## 1 Introduction

Corrosion is very harmful to the useful lifetime of materials. It can bring enormous economic losses and severe dangers to society. Natural environment corrosion is one of the most common corrosion phenomena. It is very complex and has a vast set of factors responsible for its existence. Natural environment corrosion includes mainly atmospheric corrosion and marine corrosion.

Atmospheric corrosion is defined as the corrosion of materials exposed to the air and its pollutants. Electrochemical corrosion and chemical corrosion can occur in the atmospheric environment. However, electrochemical corrosion is more important than chemical corrosion in atmospheric corrosion (Morcillo et al., 2013). Metal absorbs a layer of ultra-thin water film on its surface that forms an electrolyte under atmospheric exposure conditions after a certain critical humidity level has been reached (Melchers, 2013; Wall et al., 2005). In the presence of this thin-film electrolyte, atmospheric corrosion proceeds by balancing anodic and cathodic reactions. The anodic oxidation reaction involves dissolution of the metal while the cathodic reaction is commonly an oxygen reduction reaction. Under thin-film corrosion conditions, oxygen from the atmosphere is readily supplied to the electrolyte. Seawater is the electrolyte solution with very high salinity. It is one of the most corrosive of all the natural corrosion agents. Thus, electrochemical corrosion of metals is stronger in a marine environment (Traverso et al., 2014; Shifler, 2005).

A large amount of data concerning the natural environment corrosion of materials has accumulated over the last 16 years through research supported by the Major Program of the National Natural Science Foundation of China (Xiao et al., 2002; Zhu et al., 2002). In this work, analysis architecture is built to make full use of these data. This architecture analyzes the inherent laws of data and obtains information on the influences of natural environment factors and the evolutionary rule of corrosion damage. This provides corresponding support and help for research on natural environment corrosion.
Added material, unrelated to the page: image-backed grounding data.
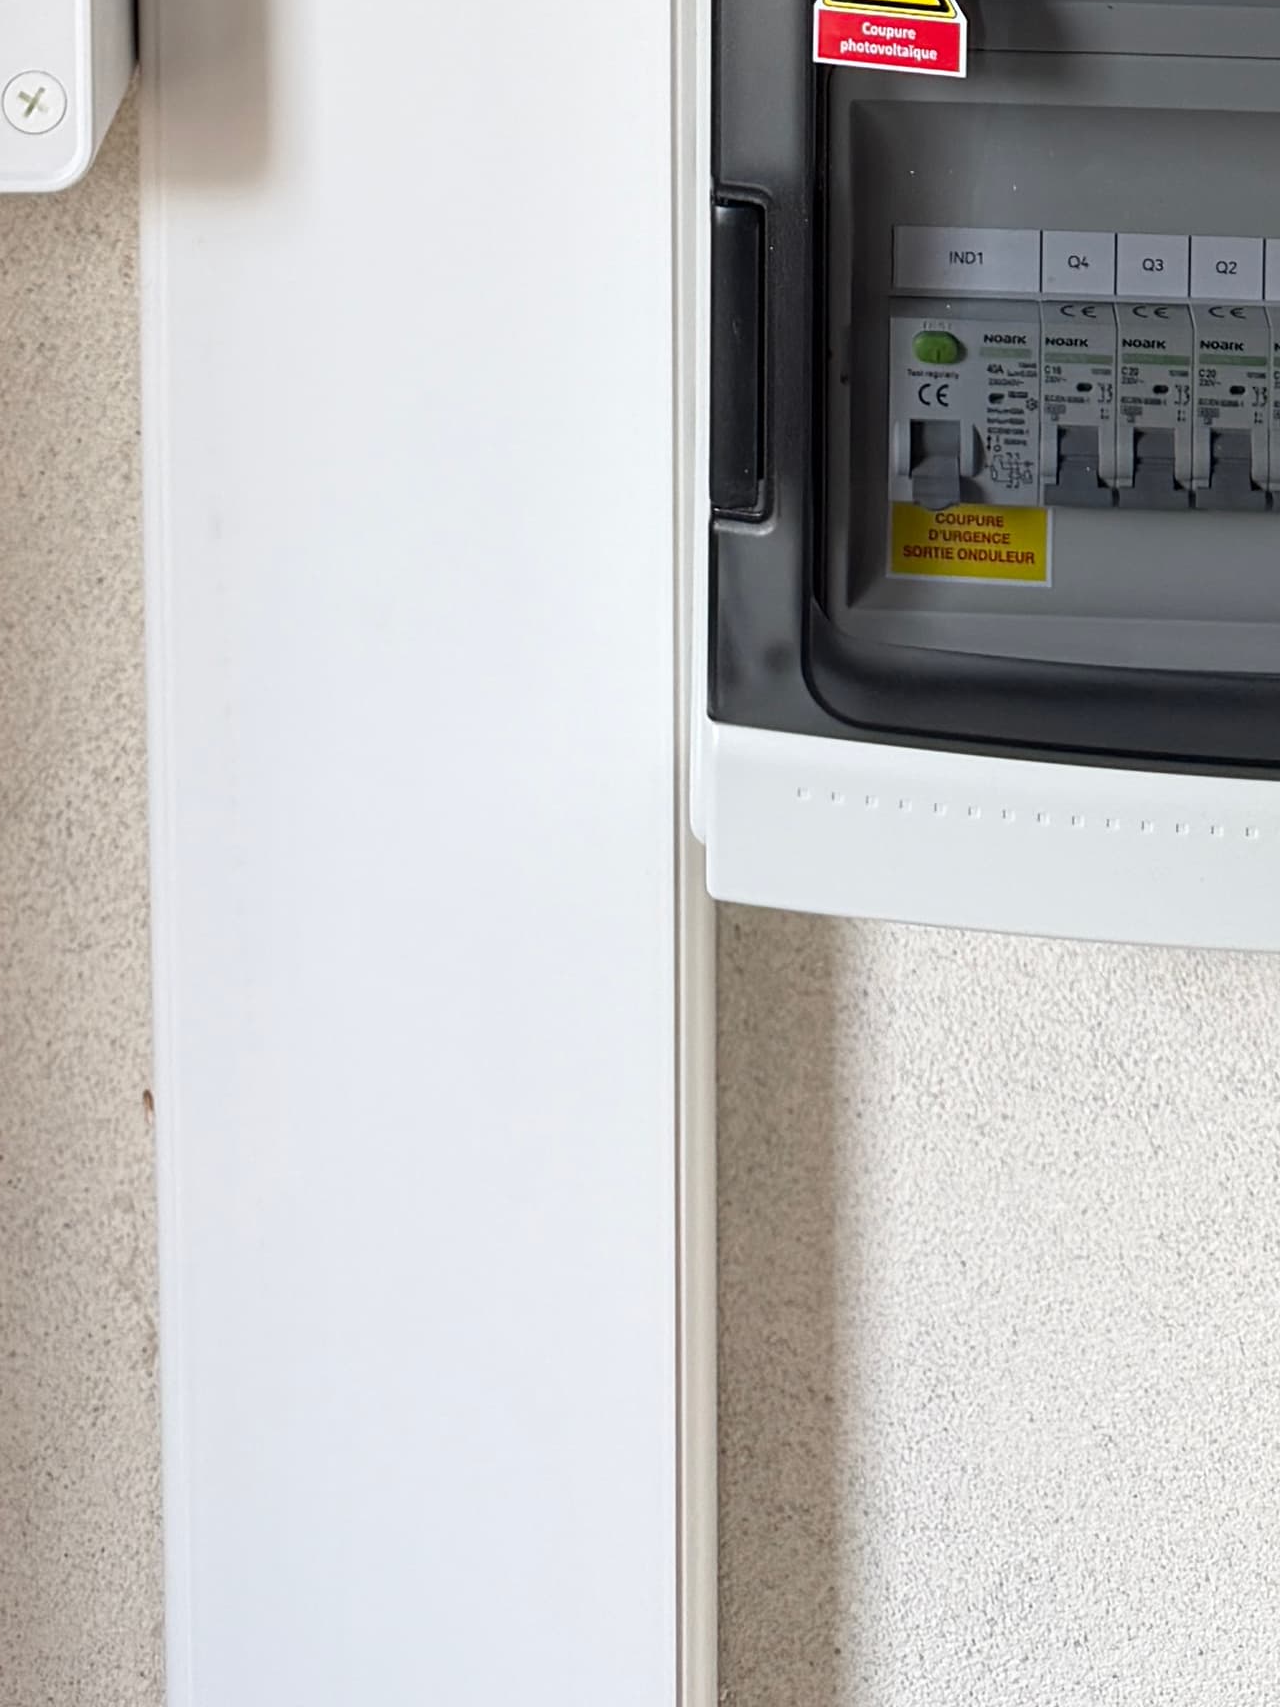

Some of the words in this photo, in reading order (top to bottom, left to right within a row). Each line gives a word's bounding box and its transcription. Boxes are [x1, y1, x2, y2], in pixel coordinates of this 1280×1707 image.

[861, 21, 917, 41] Coupure
[839, 38, 938, 61] photovoltaïque
[949, 250, 984, 265] IND1
[1067, 254, 1090, 269] Q4
[1142, 258, 1164, 272] Q3
[1215, 261, 1238, 275] Q2
[935, 513, 1004, 528] COUPURE
[928, 529, 1010, 545] D'URGENCE
[903, 546, 954, 561] SORTIE
[956, 548, 1035, 565] ONDULEUR
## 2 Statistical Analysis Modelling for Environmental Factors

The framework for the module of statistical analysis modelling for environmental factors is shown in Figure 1. The module builds the atmospheric environment and the marine environment database. All environmental factors for different atmospheric and marine test stations are modelled monthly by a statistical analysis technique. The Shapiro-Wilk method (W method) and the Kolmogorov-Smirnov method (K-S method) are used to check the normal distribution, the logarithmic normal distribution, the Weibull distribution, and the uniform distribution for the sample. Subsequently, the probability distribution function, the expected value and variance of population, and the confidence interval are estimated.

Figure 1

Framework for the module of statistical analysis modelling for environmental factors.
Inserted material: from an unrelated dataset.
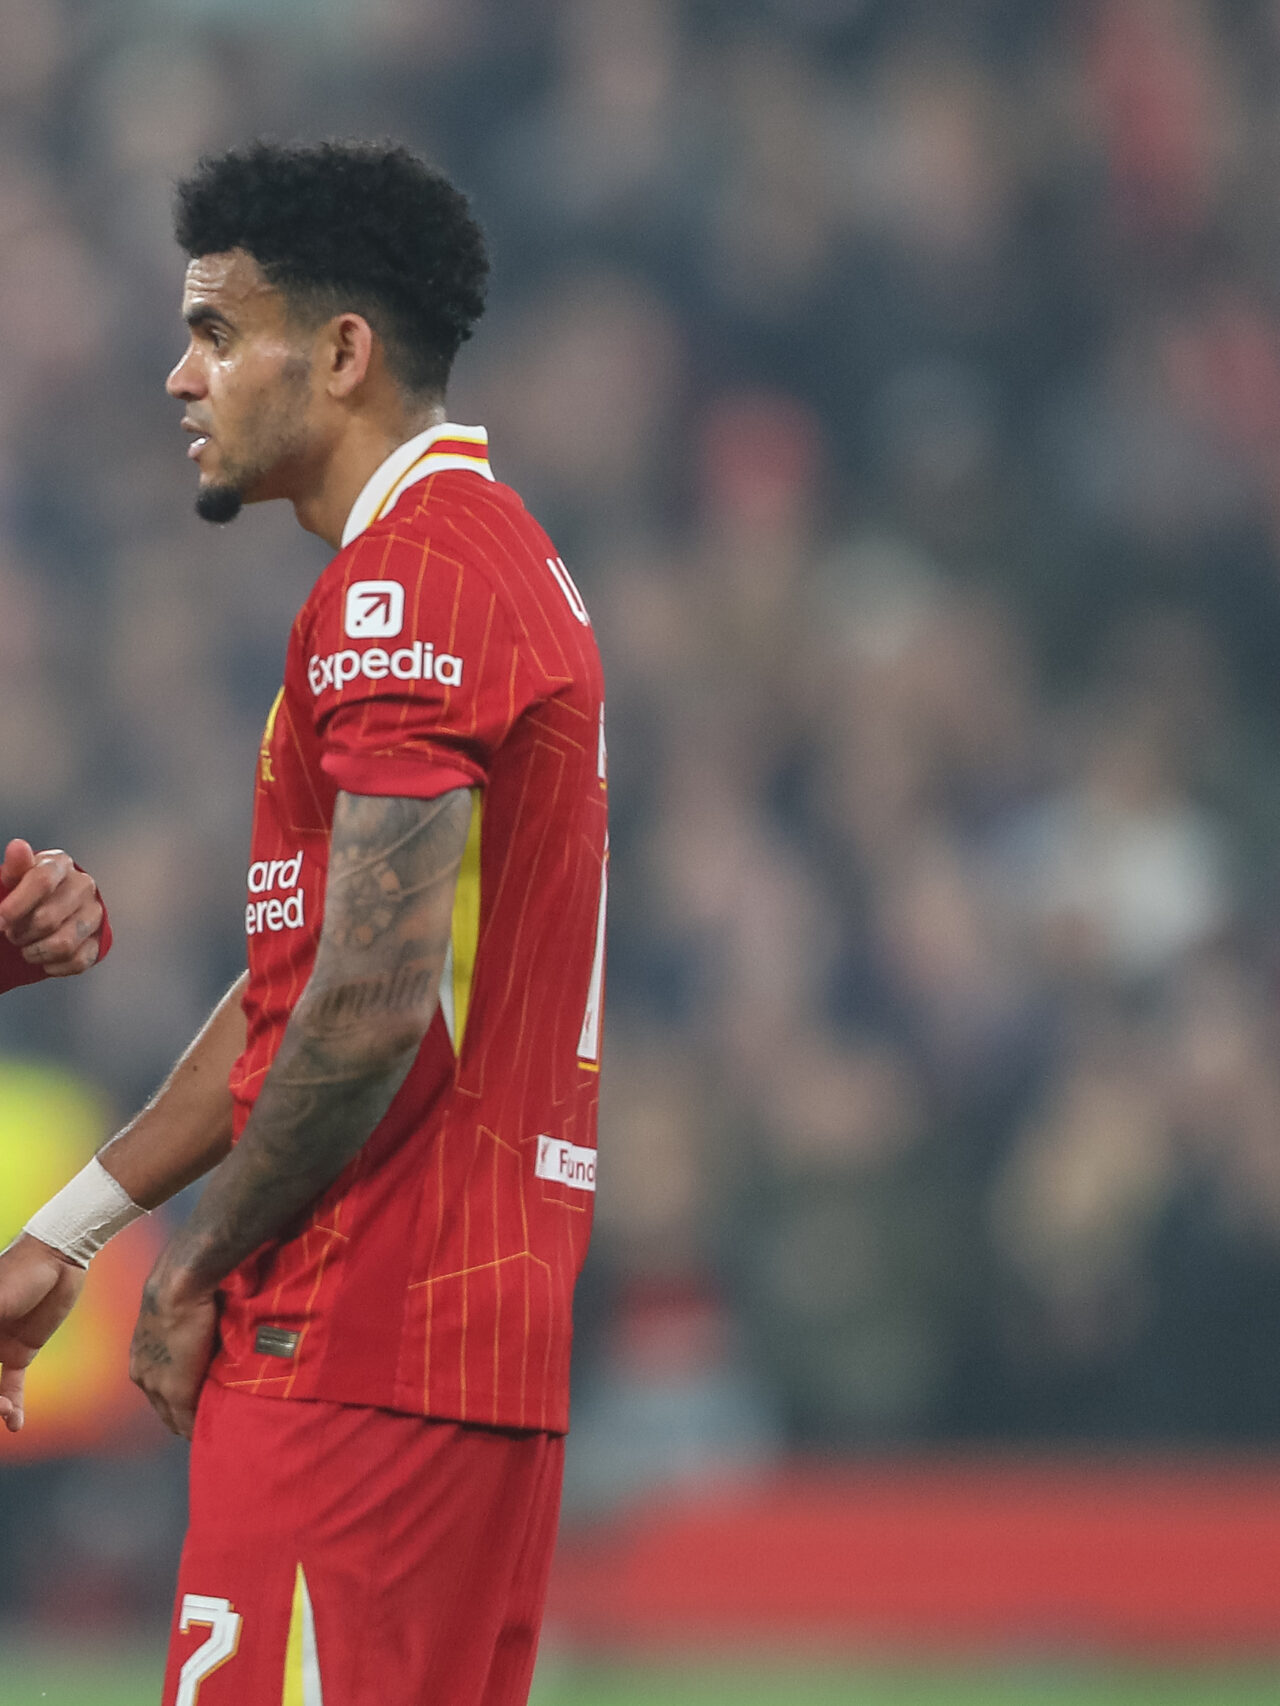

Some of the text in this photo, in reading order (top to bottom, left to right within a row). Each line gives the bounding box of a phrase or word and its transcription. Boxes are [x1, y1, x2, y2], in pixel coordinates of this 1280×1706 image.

[307, 640, 463, 696] Expedia
[247, 850, 304, 893] ard
[245, 888, 304, 935] ered
[175, 1592, 243, 1706] 7
The atmospheric environment database involves seventeen kinds of atmospheric environmental factors: average temperature, average relative humidity, rainfall, rainfall hours, sunshine duration, SO2 settlement, NO2 settlement, H2S settlement, HCl settlement, SO3 settlement, Cl- settlement, NH3 settlement, dustfall of water-solubility, dustfall of water-insolubility, pH value of rainwater, and the SO4 and Cl- content of rainwater at the nine atmospheric test stations, Beijing, Wuhan, Jiangjin, Wanning, Qingdao, Guangzhou, Shenyang, Qionghai, and Hailar. The marine environment database involves nine kinds of marine environmental factors: seawater temperature, salinity, dissolved oxygen, pH value, temperature of the marine atmosphere, humidity, rainfall, sunshine, and wind speed at the four marine test stations, Qingdao, Zhoushan, Xiamen, and Yulin.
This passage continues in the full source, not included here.